Close-up of frightened man with dramatic lightingThis is the second article of a six-part series on boosting classroom participation. Last week, Zarina took us through using peer observation to reflect on your teaching style. In this article, she considers a different challenge: what do you do about the nerves that can interfere with your students’ performance? This article aims to look at the presence of anxiety in our classrooms and what we can do to reduce it.

When a student gives an answer in a foreign language in front of their peers, anxiety is a reality that cannot be ignored. It directly interferes with the task in hand. It appears, almost gremlin-like; to want to disrupt the very activity or question the student has been asked to deal with. So what can be done? Here are some ideas.

Minimise the threat of direct questions

Be very careful about directing questions at specific students in front of a group. Before doing so, it’s usually better to allow learners to discuss their thoughts in groups or pairs. Don’t always ask your questions orally. You could give written questions to groups of students seated at different tables and get them to discuss their answers before they write them down. If the groups have different questions, you can rotate the students round the tables, so there is some movement in the class. Then, at the very end, the questions can be covered orally. Now everyone has had the chance to think and discuss answers before writing them down, it is not nearly as stressful to direct questions at particular individuals.

Create an atmosphere where errors become unimportant

Creating an atmosphere where errors become insignificant, and almost an expected part of the class, helps to lessen students’ fear. But how can we achieve this? Usually, if you introduce a competitive element to an activity, anxiety begins to take a back seat as students tend to focus more on winning points than on the stress of making mistakes. Why not devise a competition where students win points for correct answers, and there are no penalties for mistakes? Or, you could give one point for a reasonable answer and two points for a completely correct answer. This encourages greater participation, creates the mindset that there is (literally) nothing to lose, and reinforces the notion that fluency is more important than accuracy.

As teachers, we can also help by highlighting our own mistakes and making fun of them, so that errors are not seen as a terrible mark on what should be perfect language. When students make errors we need to ensure that we praise the very act of trying to provide a response in English. We need to nurture the idea that there is courage in risking losing face, but no actual loss of face.

Draw up some ‘House Rules’

Why not draw up a very explicit set of ‘House Rules’, and negotiate them with the class? For example, you could include things such as “Respect the opinions of others”; “Listen to others”. At the same time there need to be one or two rules that cannot be negotiated. For example, “No name calling”; “No laughing at the ideas of others” or “No ridiculing”.

Celebrate your students’ work

Displaying students’ work is another way of getting them to feel proud of their contributions.

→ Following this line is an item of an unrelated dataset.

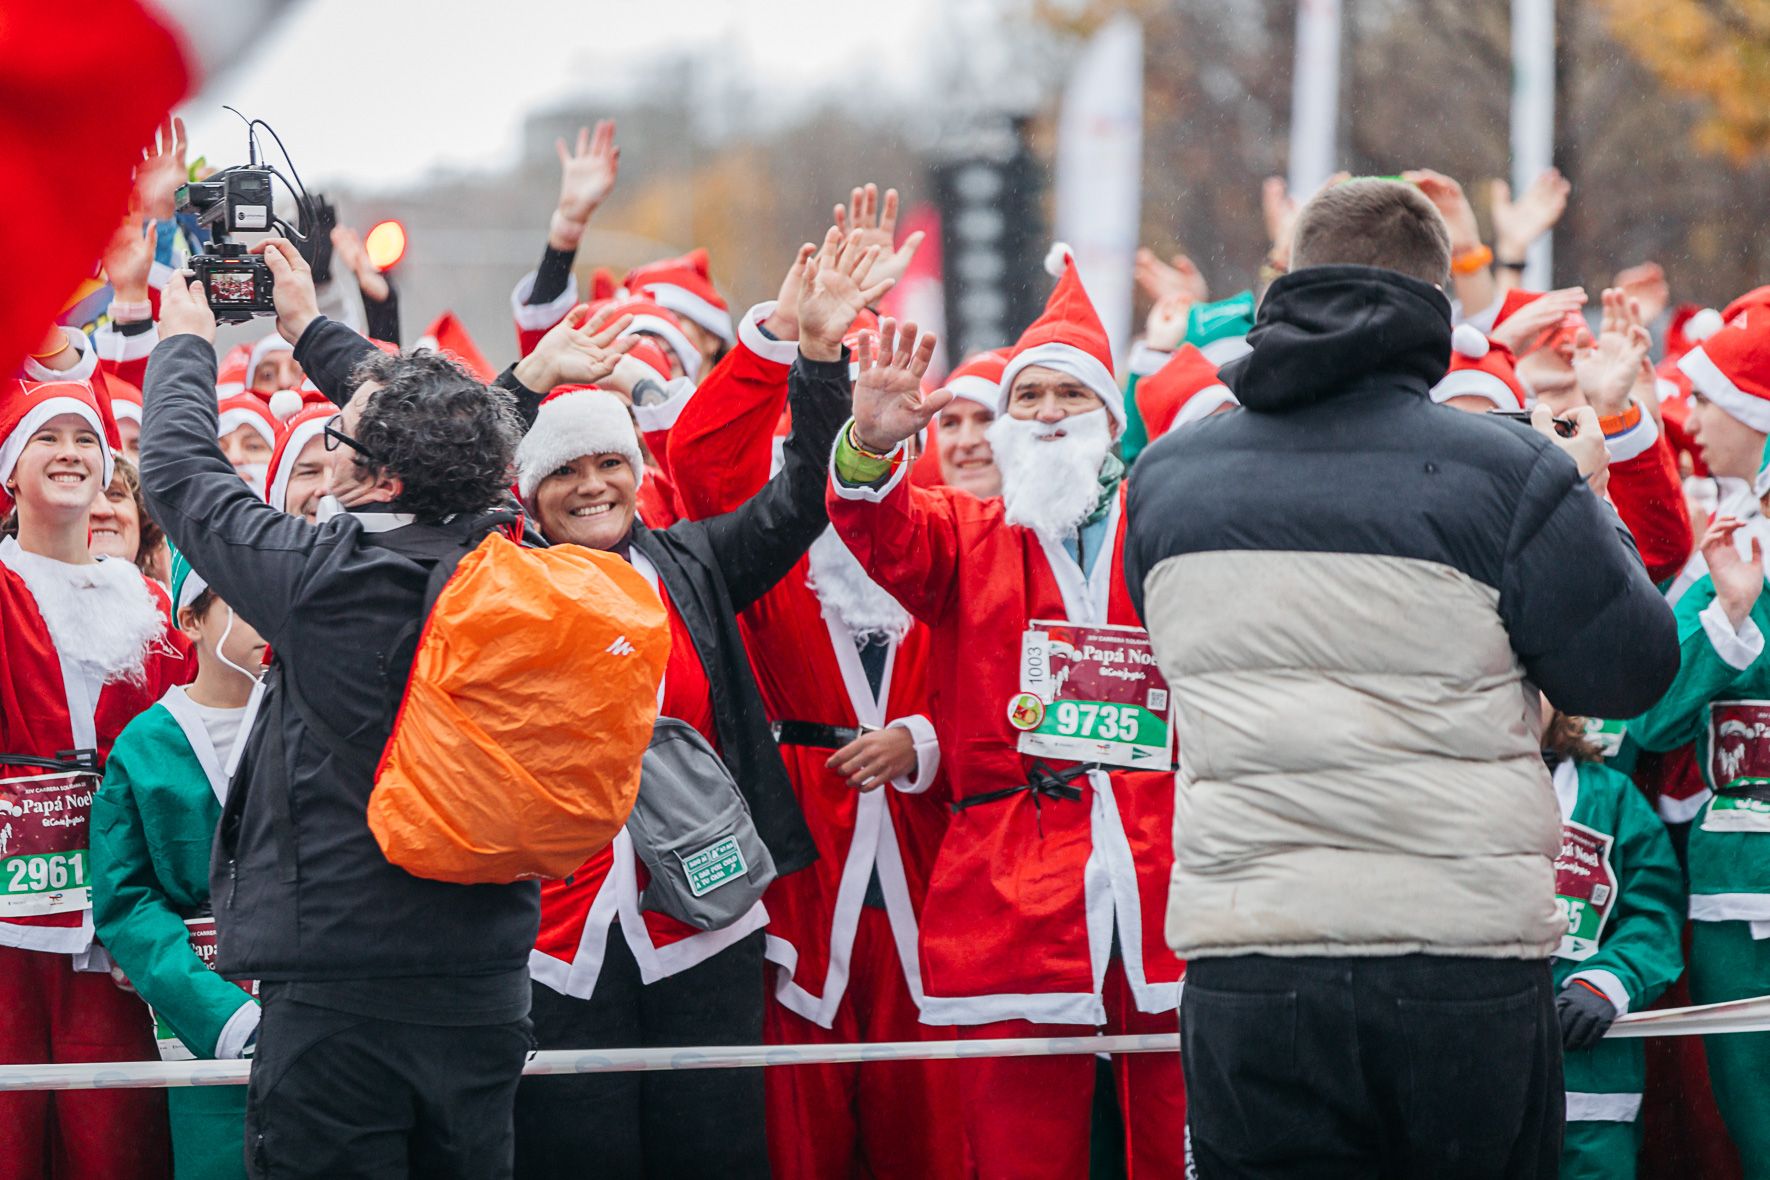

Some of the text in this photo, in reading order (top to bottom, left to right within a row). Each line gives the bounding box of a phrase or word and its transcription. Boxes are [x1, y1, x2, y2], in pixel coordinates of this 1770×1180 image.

Why not put up poster presentations, flipcharts, or visual reminders of discussions? I have even used this technique on short courses and it is amazing how people respond to seeing their own work, handwriting and creativity in a public place. I find it also helps bonding within groups, with students praising one another’s efforts.

But what about the teacher?

Now let’s not forget the teacher in all of this. We suffer from stress and anxiety too, probably never more so than when we teach under observation. As we saw in part one of this series, observations between peers are extremely useful forms of reflective practice. Therefore, we need to consider ways of reducing the stressful side of this process.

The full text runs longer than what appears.